**WORK TO COMPLETE**:
Only the lines from the one containing "this 1280×1707 image." through the last line of the entries are wanted. Transcribe them exactly.

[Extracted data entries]
========================

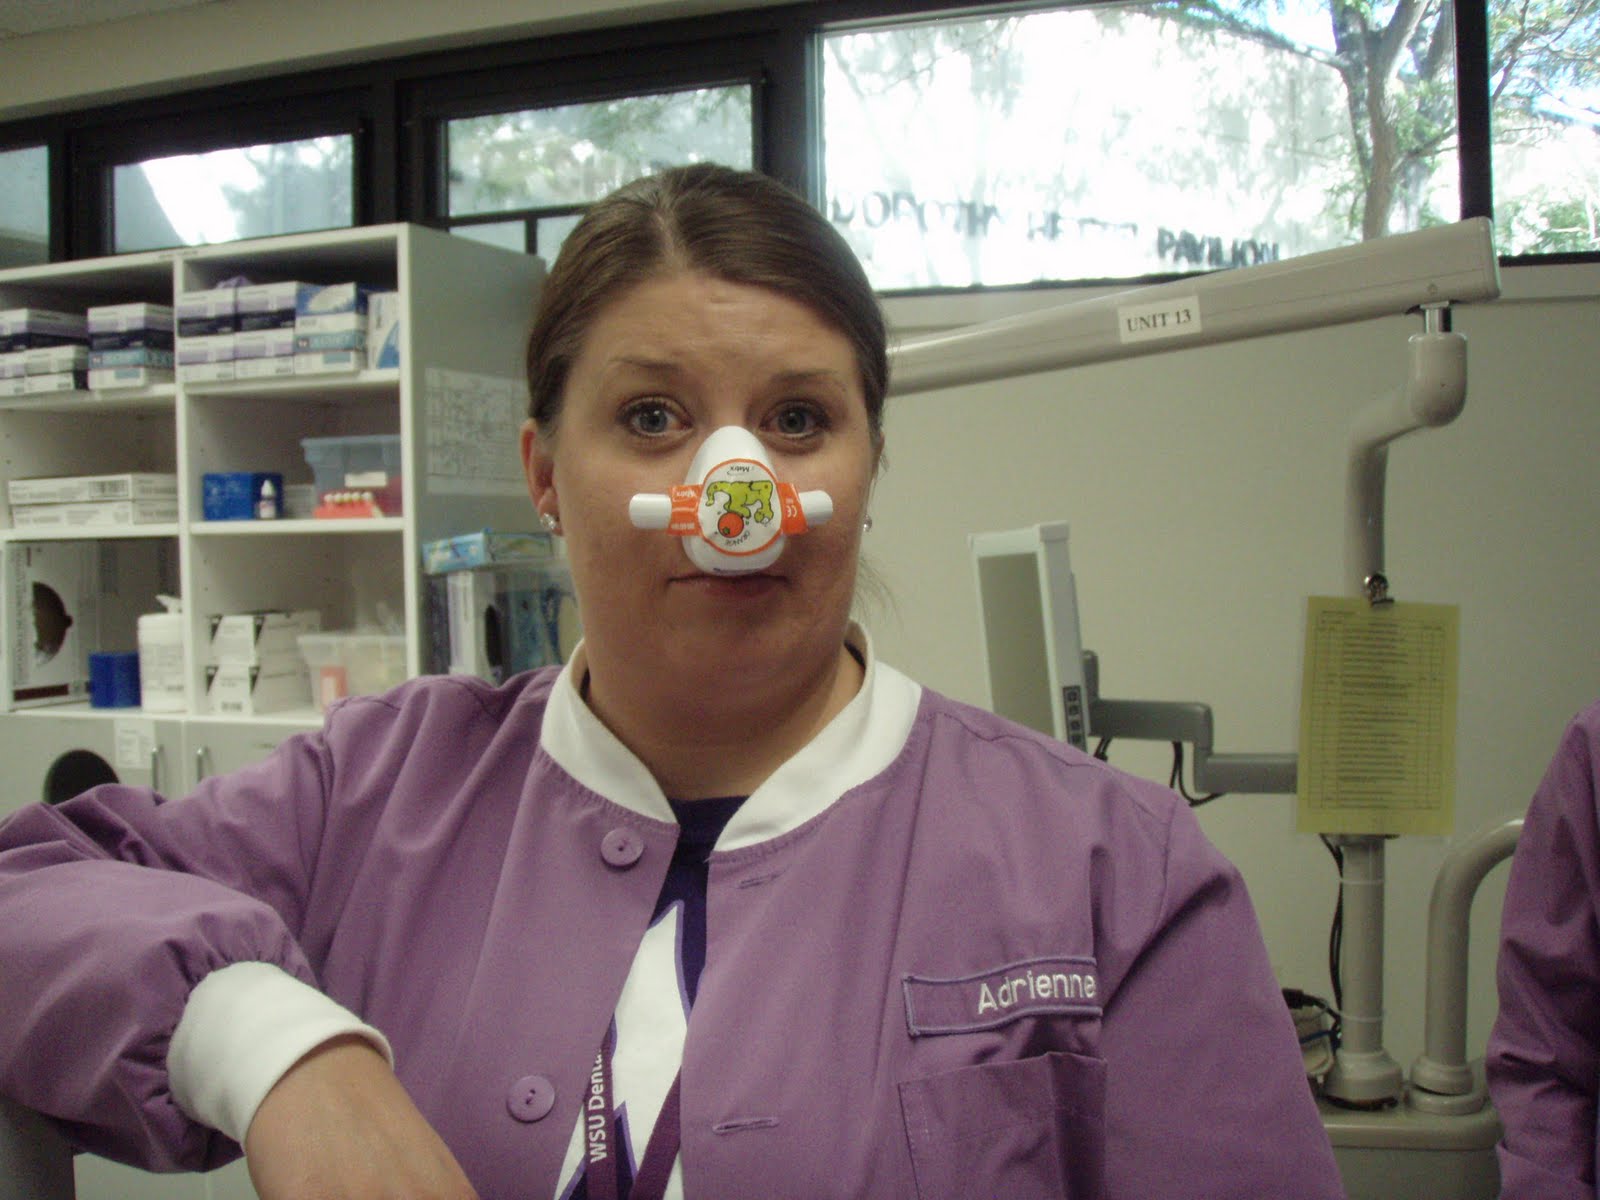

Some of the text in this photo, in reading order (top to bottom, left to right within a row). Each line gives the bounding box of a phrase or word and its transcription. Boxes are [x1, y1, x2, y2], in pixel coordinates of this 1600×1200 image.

[1126, 308, 1192, 333] UNIT 13
[977, 970, 1097, 1015] Adrienne
[587, 1114, 608, 1164] WSU
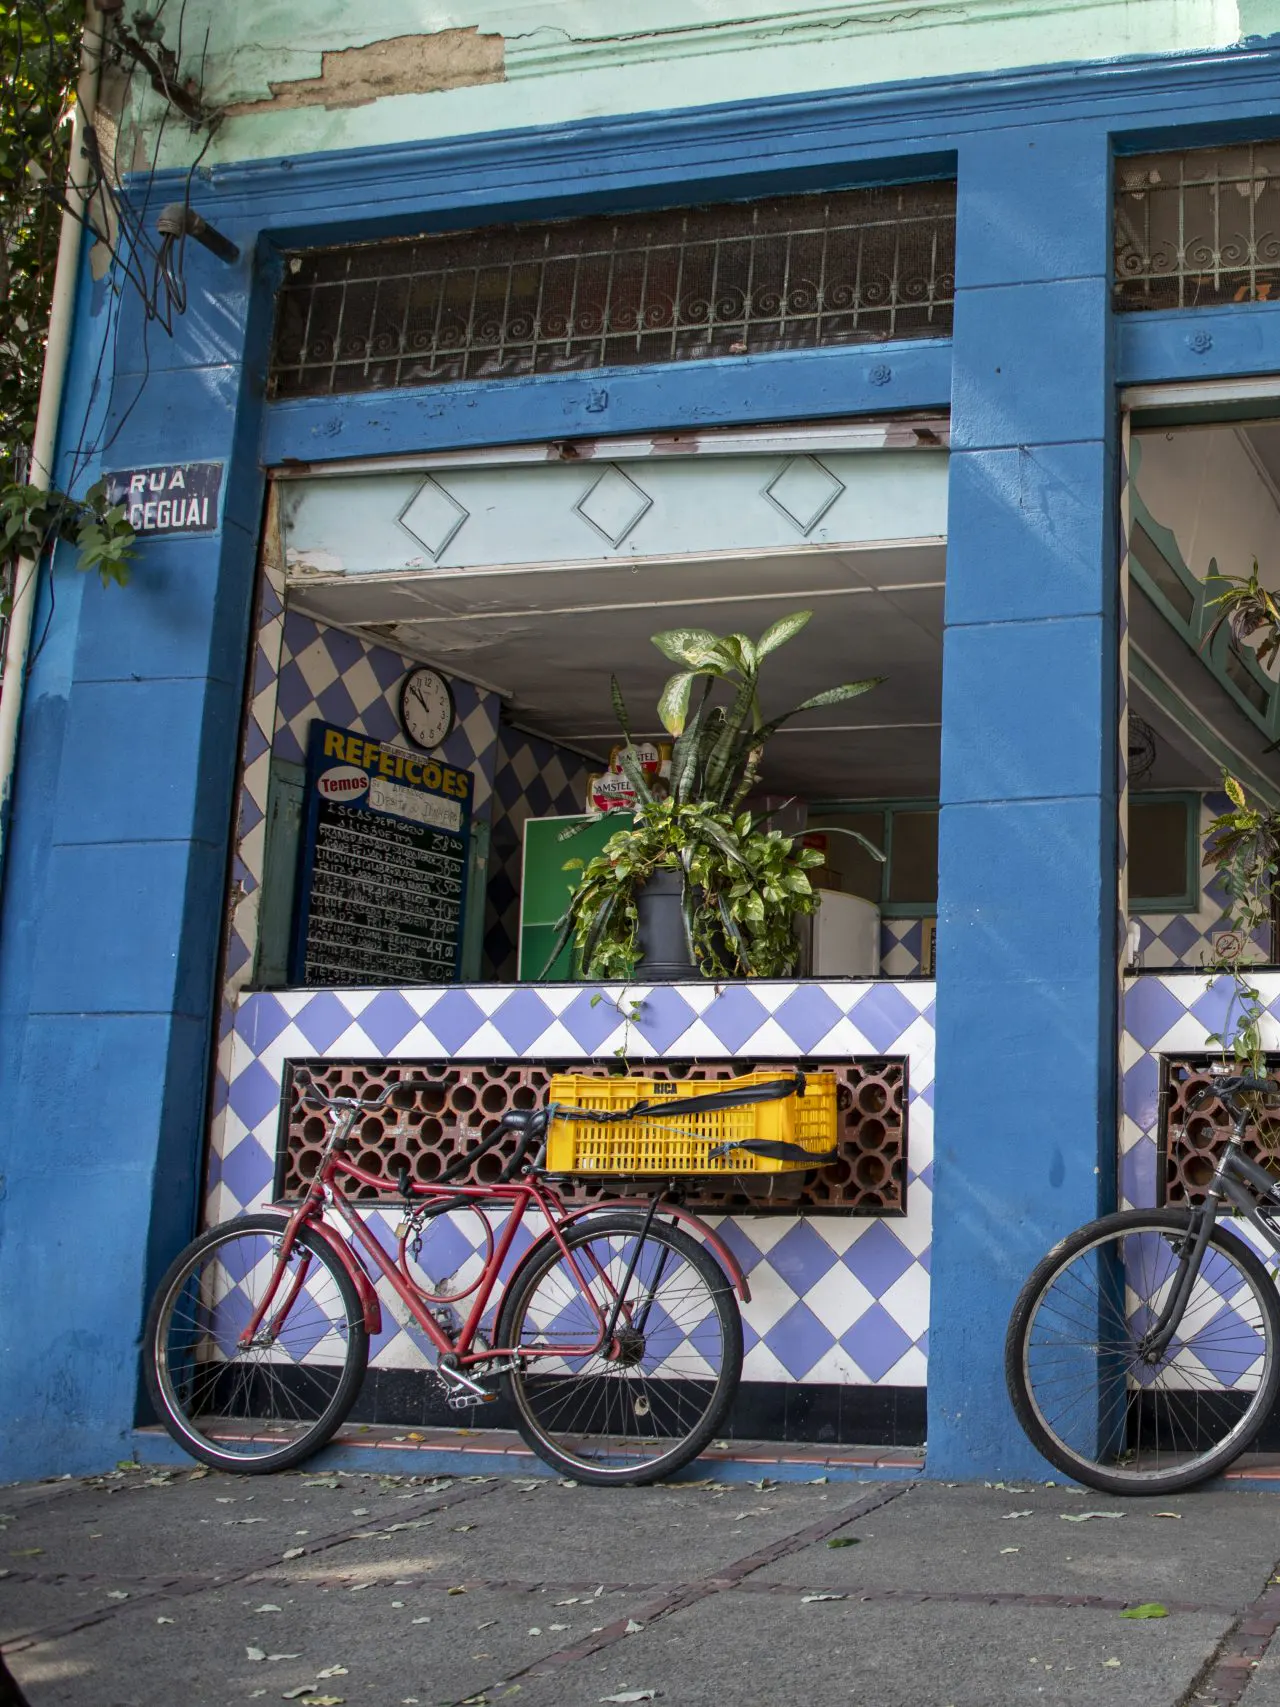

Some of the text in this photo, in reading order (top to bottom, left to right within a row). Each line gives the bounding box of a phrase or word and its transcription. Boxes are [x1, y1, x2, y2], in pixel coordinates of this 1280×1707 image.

[130, 470, 186, 493] RUA
[321, 777, 368, 793] Temos
[653, 1082, 678, 1095] RICA

========================

**TASK OUTPUT**:
Some of the text in this photo, in reading order (top to bottom, left to right within a row). Each line gives the bounding box of a phrase or word and its transcription. Boxes are [x1, y1, x2, y2], in pixel coordinates of this 1280×1707 image.

[130, 470, 186, 493] RUA
[321, 777, 368, 793] Temos
[653, 1082, 678, 1095] RICA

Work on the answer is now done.